● **Exercise brief**:
Write each line below back out exactly, omitting its pictures.

● **Records supplied**:
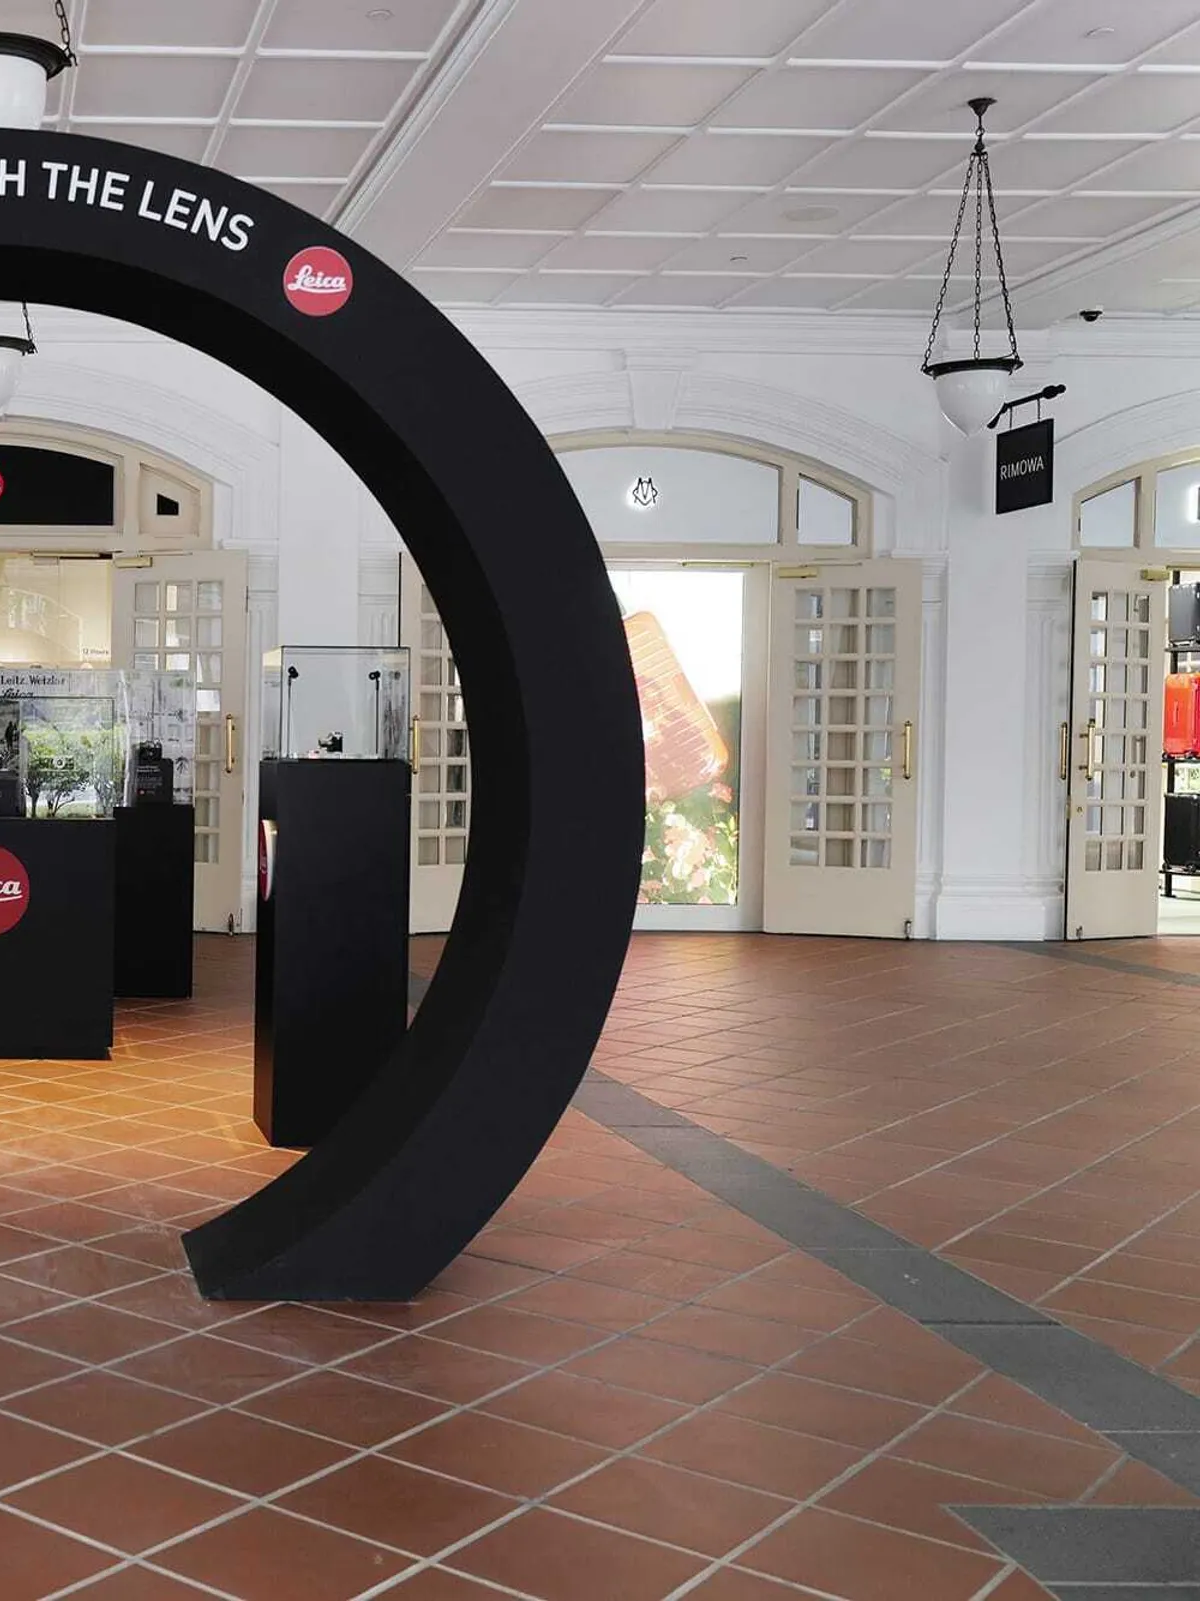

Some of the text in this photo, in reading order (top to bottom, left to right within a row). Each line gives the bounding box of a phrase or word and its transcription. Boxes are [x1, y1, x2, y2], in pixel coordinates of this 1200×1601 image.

[41, 161, 130, 211] THE
[138, 180, 255, 251] LENS
[287, 264, 347, 294] Leica
[1000, 455, 1045, 480] RIMOWA
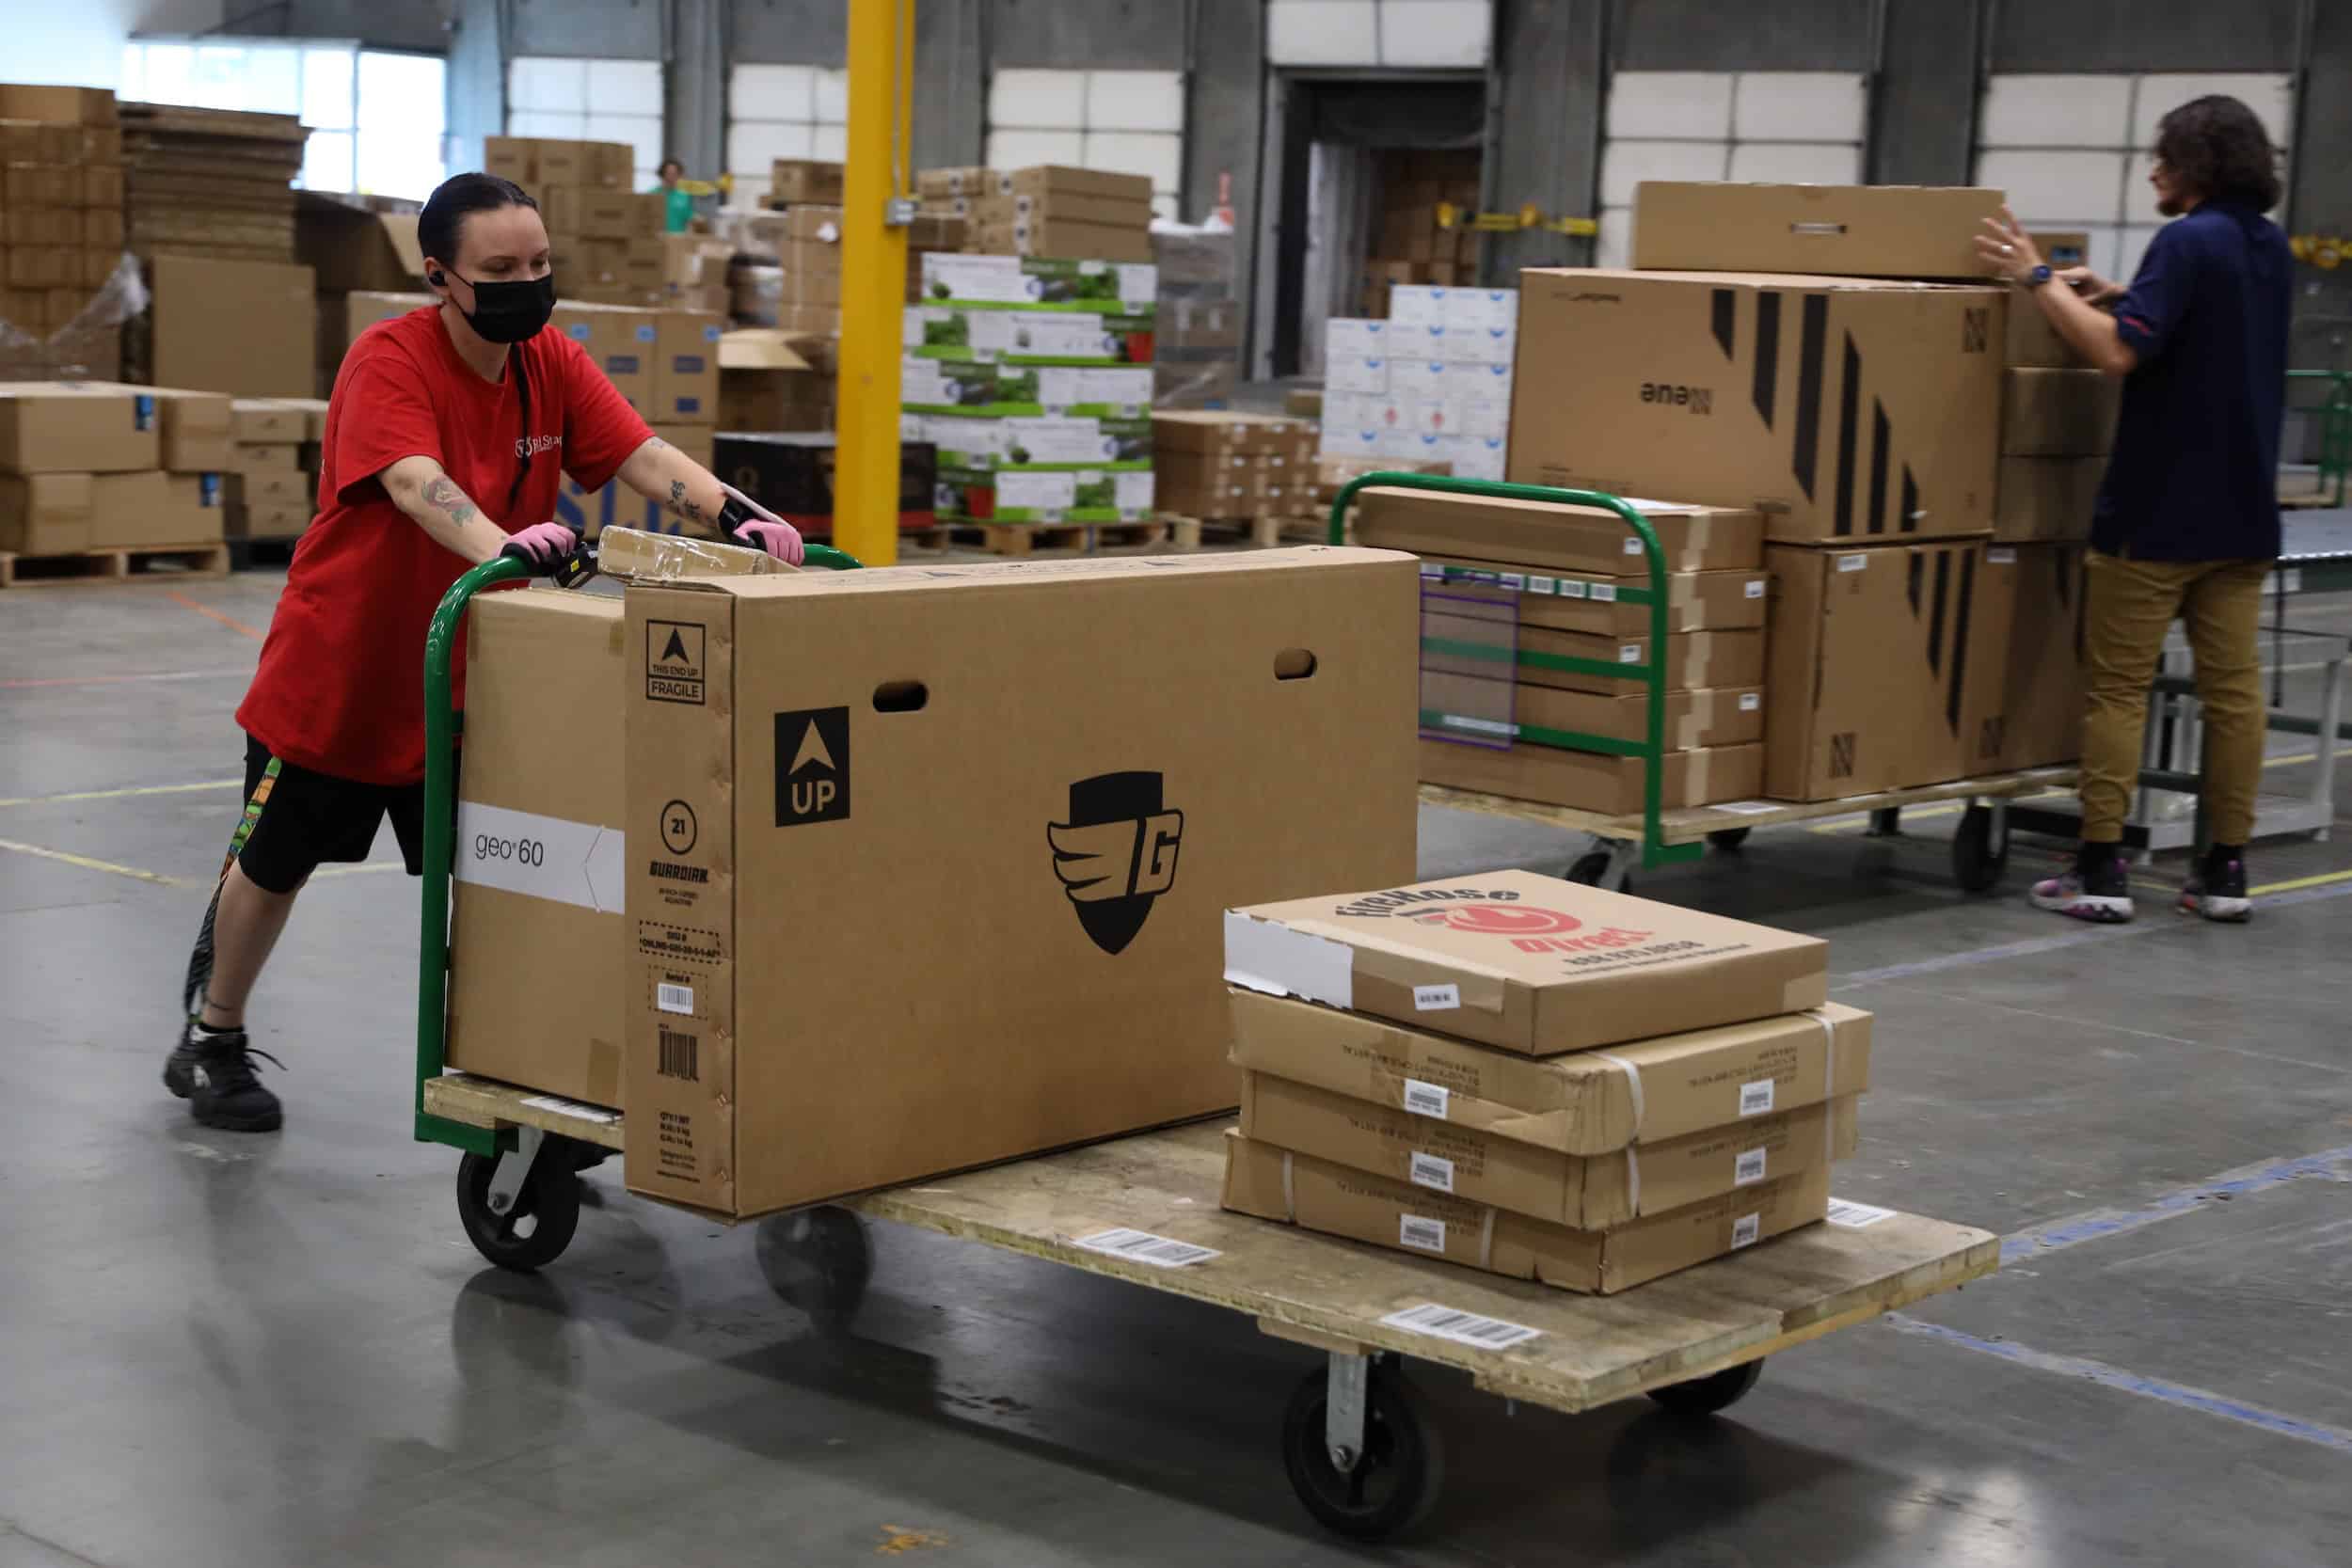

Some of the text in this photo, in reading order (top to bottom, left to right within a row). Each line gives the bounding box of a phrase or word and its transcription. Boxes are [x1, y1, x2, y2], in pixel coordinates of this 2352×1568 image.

[653, 663, 698, 677] THIS END UP
[651, 680, 699, 698] FRAGILE
[791, 780, 836, 815] UP
[671, 818, 685, 835] 21
[518, 838, 544, 867] 60
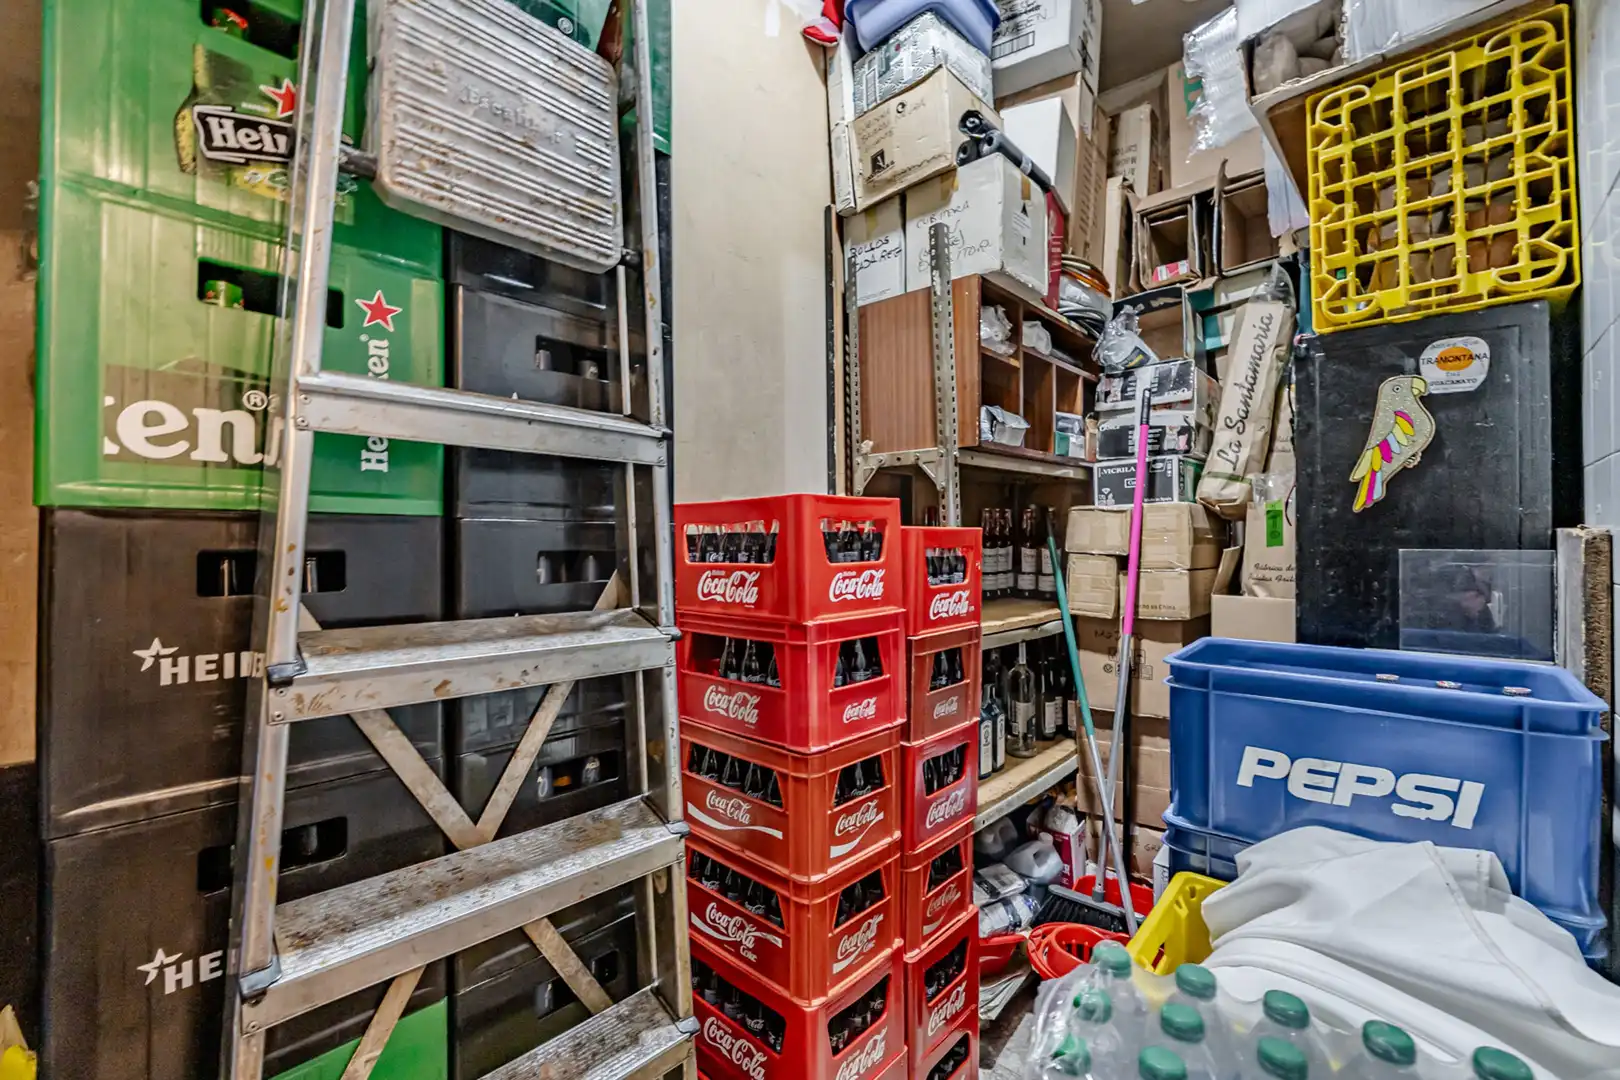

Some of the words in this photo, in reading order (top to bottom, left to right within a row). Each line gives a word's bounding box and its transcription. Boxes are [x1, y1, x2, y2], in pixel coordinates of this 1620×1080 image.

[1421, 352, 1490, 366] TRAMONTANA
[1217, 440, 1243, 472] La
[1236, 745, 1486, 830] PEPSI

● **Solution to this task**:
Some of the text in this photo, in reading order (top to bottom, left to right within a row). Each line gives the bounding box of a phrase or word and its transcription. Boxes are [x1, y1, x2, y2], in pixel coordinates of this 1200×1601 image.

[41, 161, 130, 211] THE
[138, 180, 255, 251] LENS
[287, 264, 347, 294] Leica
[1000, 455, 1045, 480] RIMOWA

Some of the text in this photo, in reading order (top to bottom, left to right within a row). Each line gives the bounding box of a phrase or word and its transcription. Boxes are [x1, y1, x2, y2], in pixel coordinates of this 2352×1568 image.

[653, 663, 698, 677] THIS END UP
[651, 680, 699, 698] FRAGILE
[791, 780, 836, 815] UP
[671, 818, 685, 835] 21
[518, 838, 544, 867] 60

Some of the words in this photo, in reading order (top to bottom, left to right within a row). Each line gives a word's bounding box and its transcription. Boxes are [x1, y1, x2, y2], in pixel coordinates of this 1620×1080 image.

[1421, 352, 1490, 366] TRAMONTANA
[1217, 440, 1243, 472] La
[1236, 745, 1486, 830] PEPSI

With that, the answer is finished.